Ondan başka hiç kimse buna karşı birşey söylemedi. Abdüllah ibni Abbâs da, sonra sözünden dönerek, harâm olduğu, Eshâb-ı kirâmın sözbirliği ile anlaşılmış oldu. Buhârî kitâbı, hazret-i Alîden gelen haberi bildirirken diyor ki, hazret-i Alî, Abdüllah ibni Abbâsa, (Sen yanılıyorsun. Fahr-i âlem efendimiz, müt’a nikâhını yasak etdi) dedi. İmâm-ı Alînin bu sözü üzerine, Abdüllah da, sözünden dönmüş, müt’a nikâhının sonradan harâm buyurulduğunu söylemişdir. (Müt’a nikâhı), nikâh ve izdivâc kelimelerini kullanmadan, para karşılığı, bir kadın ile belli bir zemân evli olmakdır.

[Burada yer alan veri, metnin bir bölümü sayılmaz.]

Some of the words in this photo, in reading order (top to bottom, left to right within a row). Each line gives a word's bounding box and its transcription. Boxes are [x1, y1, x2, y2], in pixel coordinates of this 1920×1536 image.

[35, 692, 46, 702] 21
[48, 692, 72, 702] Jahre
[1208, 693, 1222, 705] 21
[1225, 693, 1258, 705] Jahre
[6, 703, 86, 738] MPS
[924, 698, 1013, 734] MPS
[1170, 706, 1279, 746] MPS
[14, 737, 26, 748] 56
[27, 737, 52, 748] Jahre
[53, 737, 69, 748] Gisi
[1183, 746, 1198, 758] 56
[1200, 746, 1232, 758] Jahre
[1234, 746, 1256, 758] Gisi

Bundan başka, büyük hadîs âlimi, Süleymân bin Ahmed Taberânî [260 da Taberiyyede tevellüd, 360 [m. 971] da İsfehanda vefât etdi] ve Süleymân bin Dâvûd Tayâlisî (202 [m. 817] de vefât etdi) kitâblarında diyorlar ki, Sa’îd bin Cübeyr bildiriyor: Abdüllah ibni Abbâsa dedim ki, (Ben, hiçbir zemân, müt’a nikâhına halâl diyemem. Siz de, halâl dememeli idiniz. Çünki, böyle demenizden ne gibi zararlar doğacağını biliyor musunuz? Sizin böyle, câiz demeniz, her yere yayılır da, herkes, bu sözünüzü, müt’a halâl imiş diye, vesîka olarak kullanırlar). Abdüllah, bu sözüme karşı, (Bu sözümle, müt’a nikâhının, her zemân herkese halâl olacağını bildirmek istemedim. Ancak, zarûret olunca, zararı gidermek için câiz olur, dedim. Allahü teâlâ, zarûret olunca, zararı giderecek kadar leş, kan, domuz eti yimeğe izn verdiği kadar, müt’a nikâhının da câiz olacağını düşünerek söyledim) dedi. Bunlardan anlaşılıyor ki, Abdüllah ibni Abbâs da, müt’a nikâhına her zemân, herkese câizdir dememişdir. Her harâm olan şeyler gibi, zarûret olursa, zararı giderecek kadar câiz olur demişdir. Hadîs âlimi Ebû Bekr Ahmed bin Hüseyn Beyhekî (384-458 [m. 1067]) Abdüllah ibni Abbâsın “radıyallahü teâlâ anhümâ” bu sözden döndüğünü açıkça bildirmekdedir. Yine Taberânî ve Beyhekî bildiriyorlar ki, Abdüllah ibni Abbâs (Müt’a nikâhı önce halâl idi. Fekat, (Analarınız, size harâmdır) meâlindeki âyet-i kerîme geldikden sonra, harâm edildi. Mü’minûn sûresinin (Ancak zevceleriniz ve sâhib olduğunuz câriyeleriniz halâldir) meâlindeki âyet-i kerîmesi, müt’a nikâhının harâm edildiğini kuvvetle bildiriyor. Çünki, bu âyetden yalnız zevcelerin ve câriyelerin halâl olup, başkalarının harâm olduğu anlaşılmakdadır) demişdir.
Müt’a nikâhının harâm olduğunu, hazret-i Alî de içinde olmak üzere, birçok Sahâbî-yi kirâm bildirmişdir. (Buhârîyi şerîf) kitâbında (Hazret-i Alî “radıyallahü anh” Abdüllah ibni Abbâsa, Resûlullah “sallallahü aleyhi ve sellem”, Hayber gazâsında, müt’a nikâhını ve eşek eti yimesini yasak etdi, buyurmuşdur) yazılıdır.